Recentemente, mia moglie ed io abbiamo celebrato un importante anniversario di matrimonio attraversando in auto la Spagna e la Francia. Volenti o nolenti, il sottotema del nostro grand tour è stato la Madonna.

Persino a  Girona, il posto dove stavamo e che abbiamo usato come base per esplorare le terre amate da Salvador Dalì, ci siamo imbattuti in una magnifica cattedrale gotica, in origine un foro romano in cima a una rampa di scale, dedicata a Nuestra Señora (Nostra Signora).

Dopodiché abbiamo fatto una breve tappa a Saragozza, per porgere omaggio a Nuestra Señora del Pilar (Nostra Signora del Pilar [Pilastro]). Poi avanti fino a Burgos, con la sua splendida e ricchissima cattedrale gotica, anch’essa dedicata a Nuestra Señora. Lo stesso dicasi per l’impressionante cattedrale di Leon, con una distesa di vetrate multicolori. Covadonga, nelle Asturie, rappresenta un pellegrinaggio mariano per l’intera Spagna; è dove un futuro re visigoto, Pelagio, vincendo una battaglia contro i mori – che, in ogni modo, odiavano il clima piovoso – fece in modo che le Asturie non fossero mai conquistate...  

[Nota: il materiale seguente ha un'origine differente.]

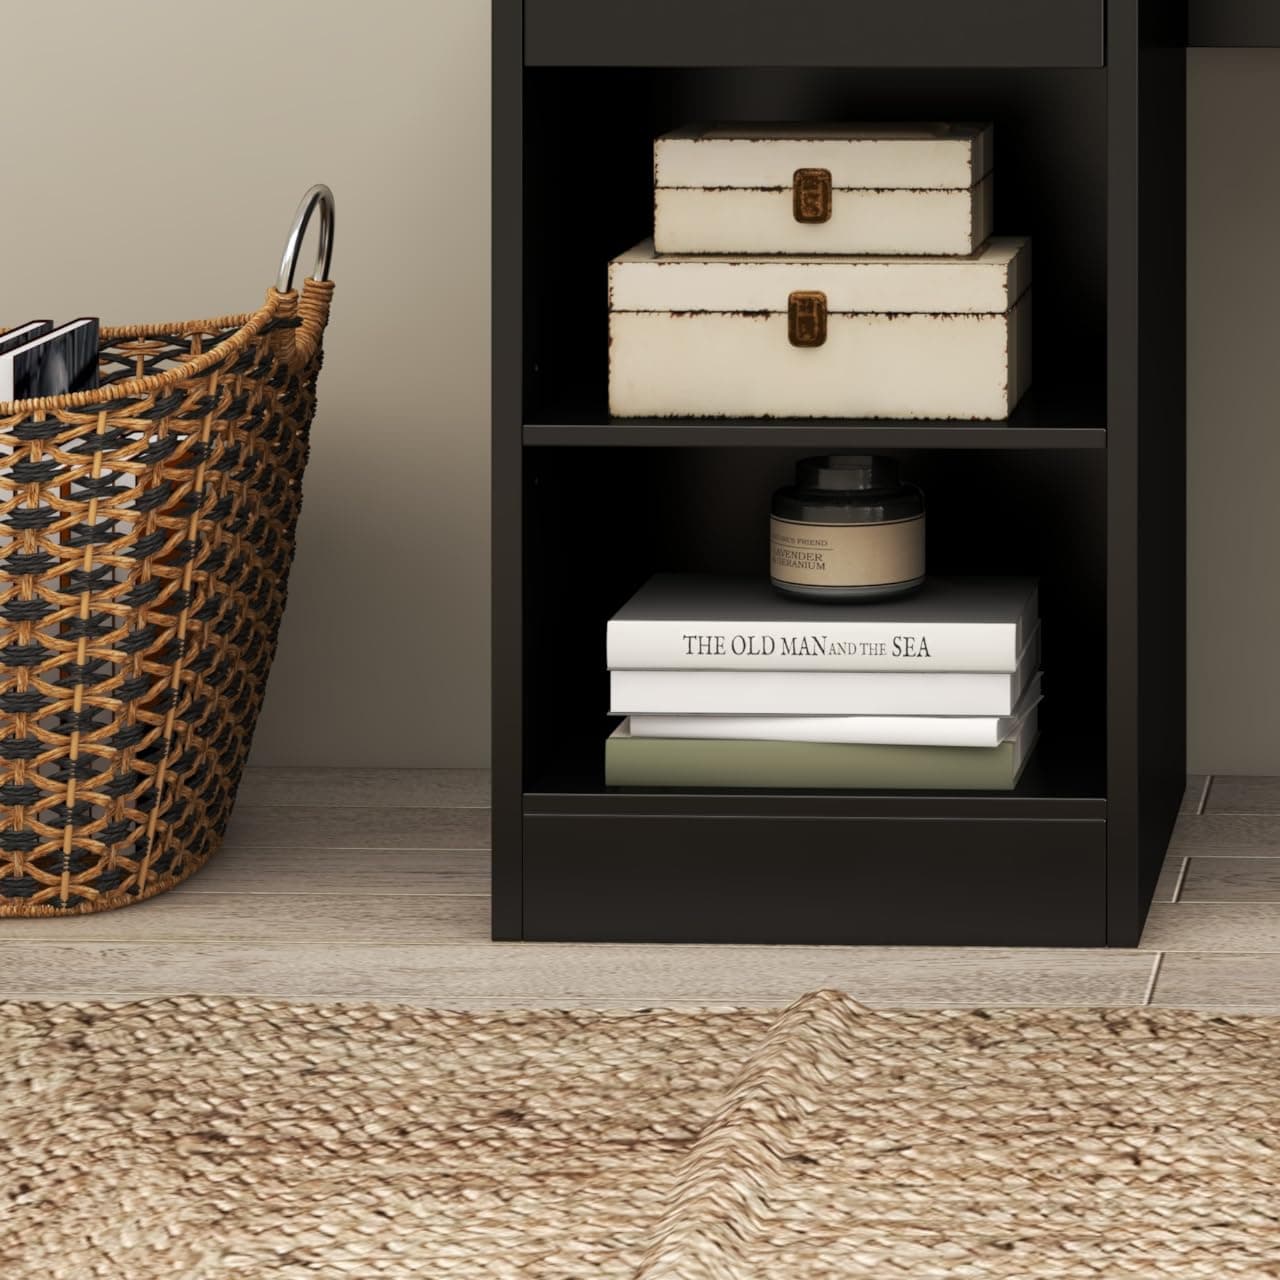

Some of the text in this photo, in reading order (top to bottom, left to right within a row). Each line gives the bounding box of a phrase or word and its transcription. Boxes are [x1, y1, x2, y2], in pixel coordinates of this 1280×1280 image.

In Francia, la nostra prima tappa è stata Rocamadour, non solo per Durlindana, la spada del paladino Rolando conficcata nella roccia ma, ovviamente, per Notre Dame (Nostra Signora), alla quale l’intero complesso medievale, magnificamente stratificato e intagliato nella roccia viva, è dedicato. Anche Rouen e Parigi hanno maestose cattedrali dedicate a Notre Dame.

Fra tutti questi luoghi, quello che ha “parlato” sia a mia moglie sia a me è stata la Basilica-Cattedral de Nuestra Señora del pilar, in Saragozza.

Mi corre l’obbligo di contestualizzare la nostra visita.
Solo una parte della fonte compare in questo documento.